Learning Vector Quantization (LVQ)

**One disadvantage of K-Nearest Neighbors is the need to keep the entire training dataset. **

The Learning Vector Quantization algorithm (or LVQ for short) is an artificial neural network algorithm that allows to select the number of training instances to be pegged and to know exactly how these instances look.


The representation of an LVQ is a collection of codebook vectors. These are chosen randomly at the beginning and are suitable to best summarize the training dataset over multiple iterations of the learning algorithm. After learning, the codebook vectors can be used like K-Nearest Neighbors to make predictions. The most similar neighbors (best matching codebook vectors) are found by calculating the distance between each codebook vector and a new data instance. The class value or (actual value in the case of regression) of the best matching unit is then returned as a prediction.
The best results are obtained if the data is rescaled to have the same range, e.g. between 0 and 1.

If you find that KNN provides good results on your dataset, try using LVQ to reduce the memory requirements for storing the entire training dataset.

Support Vector Machines (SVM)

Support Vector Machines are probably one of the most popular and talked about machine learning algorithms.

Hyperplanes are lines that divide the space of input variables.

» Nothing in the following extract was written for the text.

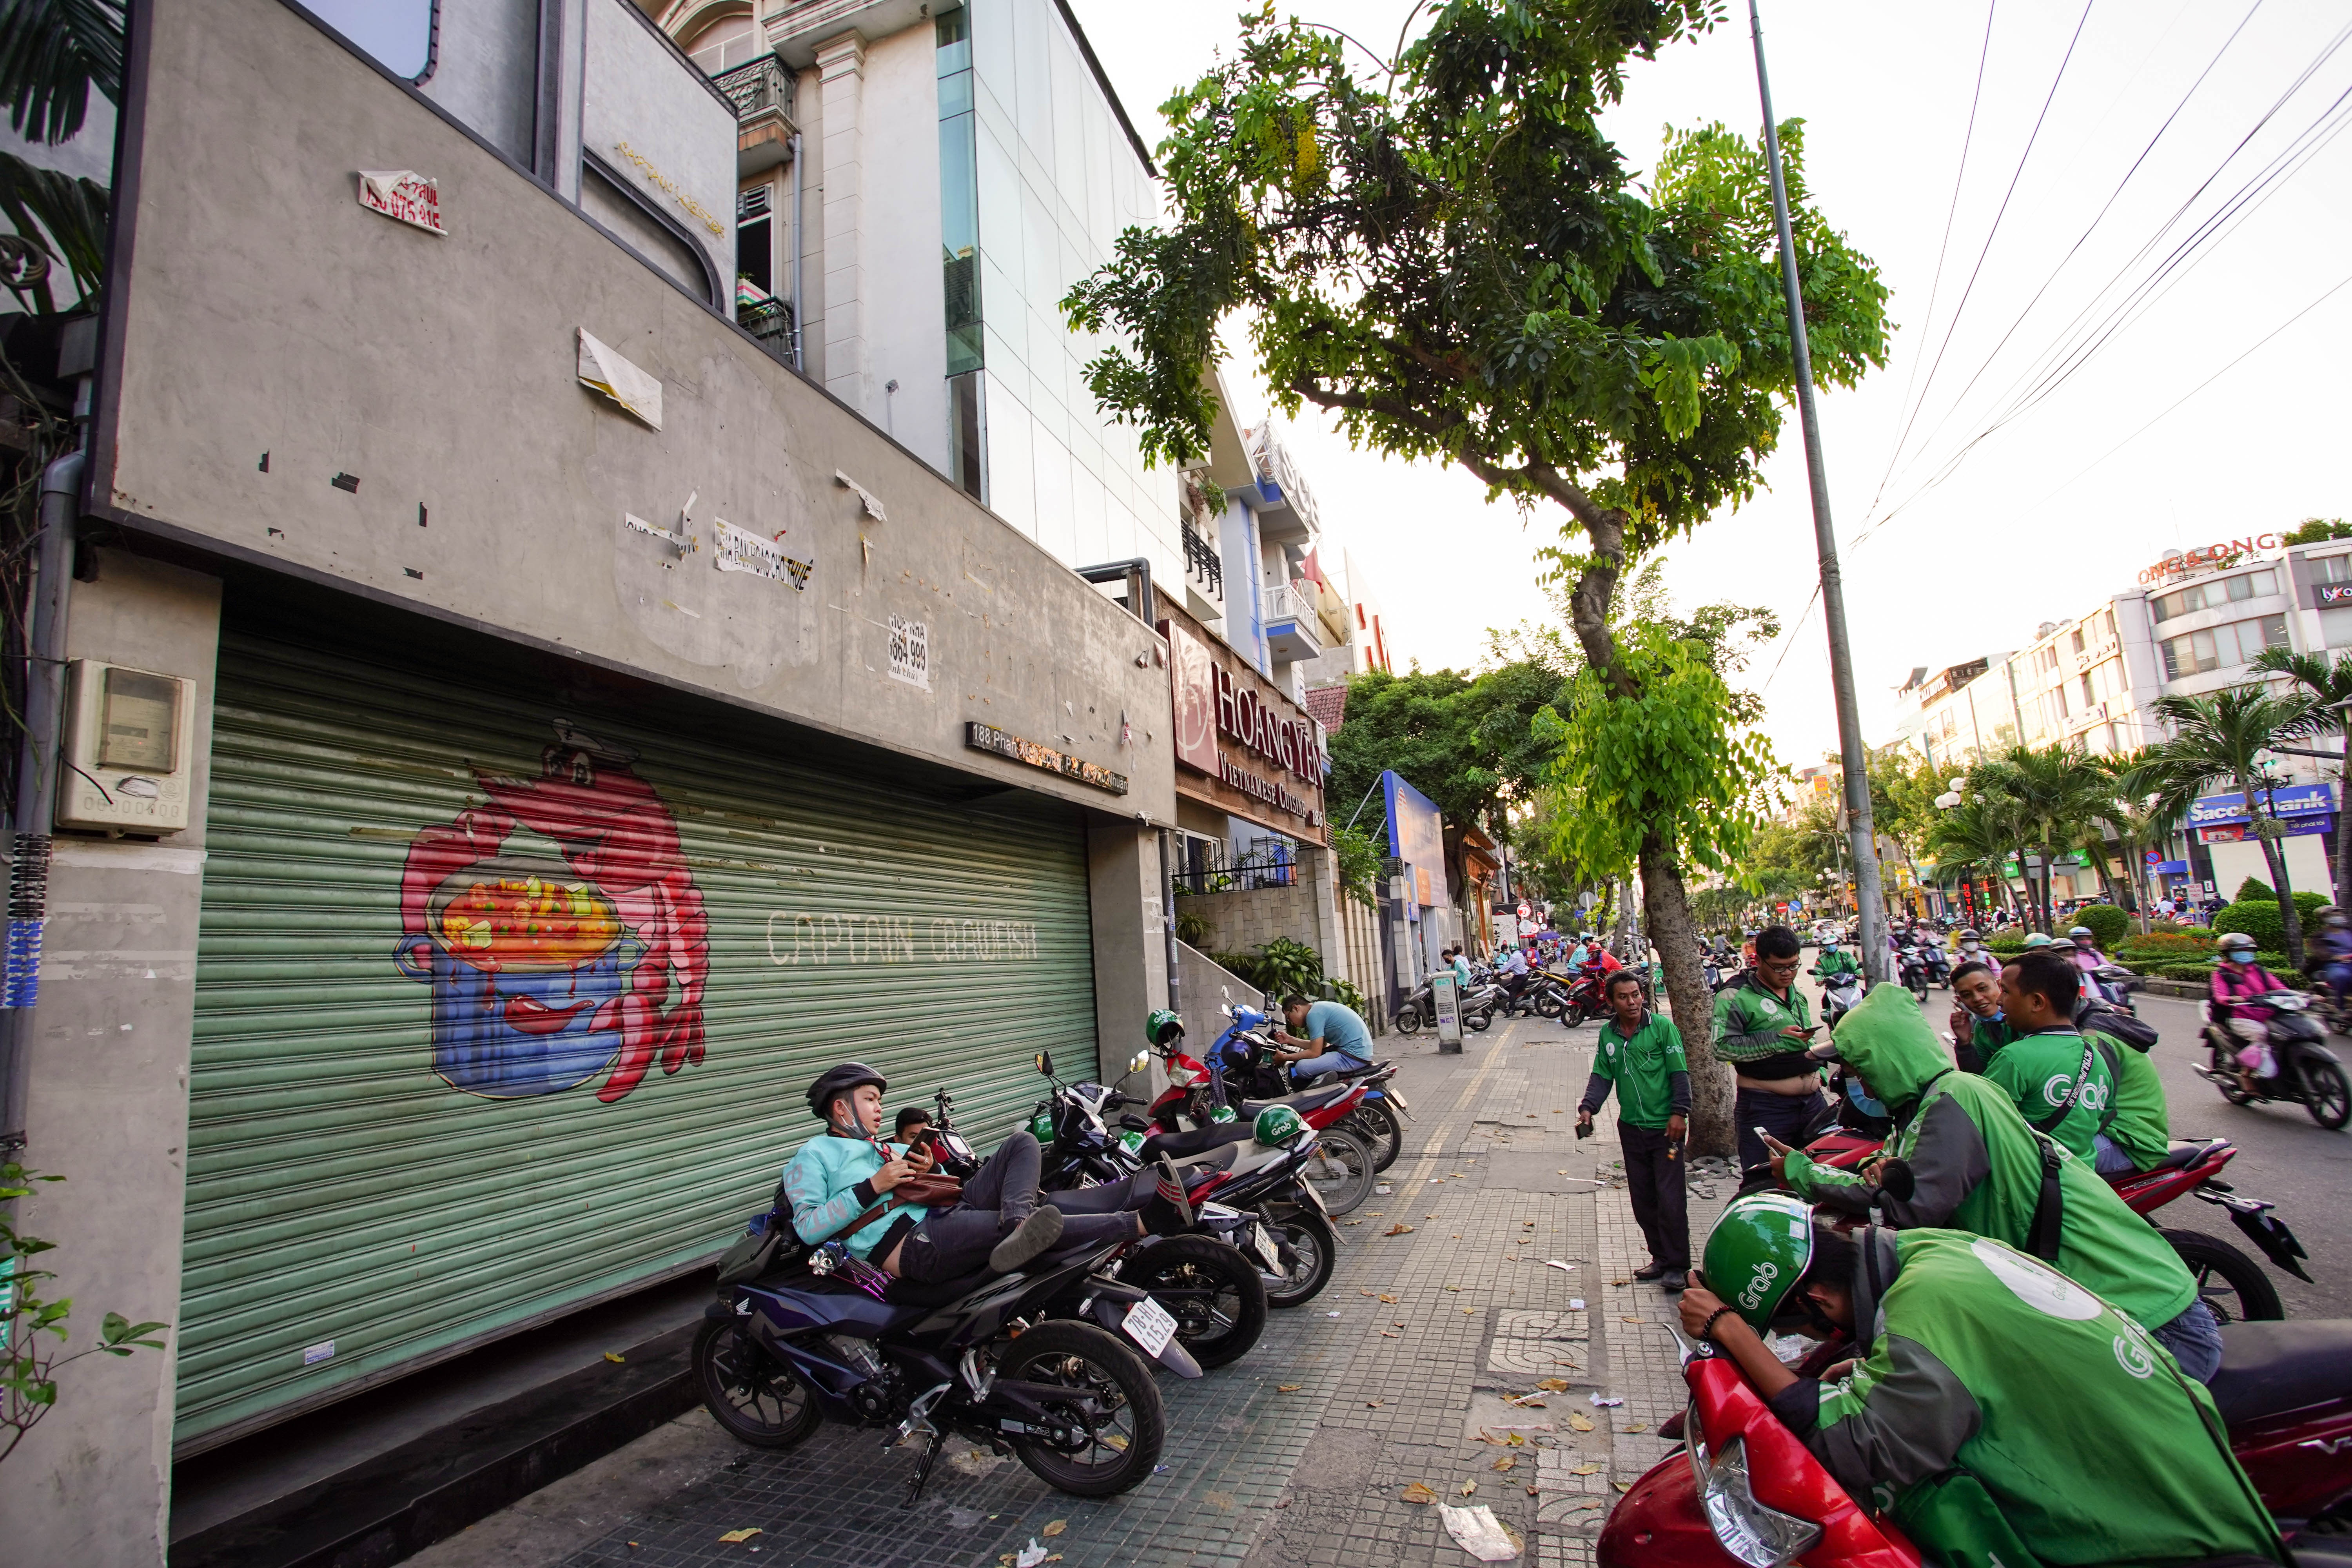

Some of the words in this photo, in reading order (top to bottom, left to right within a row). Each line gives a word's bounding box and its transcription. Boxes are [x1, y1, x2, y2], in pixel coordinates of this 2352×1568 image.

In SVM, a hyperplane is chosen to best separate the points in the space of input variables by their class (class 0 or class 1). In two dimensions, you can visualize this as a line, assuming that all of our input points can be completely separated by this line.The SVM learning algorithm finds the coefficients that lead to the best separation of classes by hyperplanes.


The distance between the **hyperplane and the nearest data point is called the margin.
The best or optimal hyperplane that can separate these two classes is the line with the largest margin. **

Only these points are relevant for defining hyperplanes and constructing classifiers. These points are called support vectors. They support or define the hyperplane. In practice, optimization algorithms are used to find the value of the coefficient that maximizes the margins.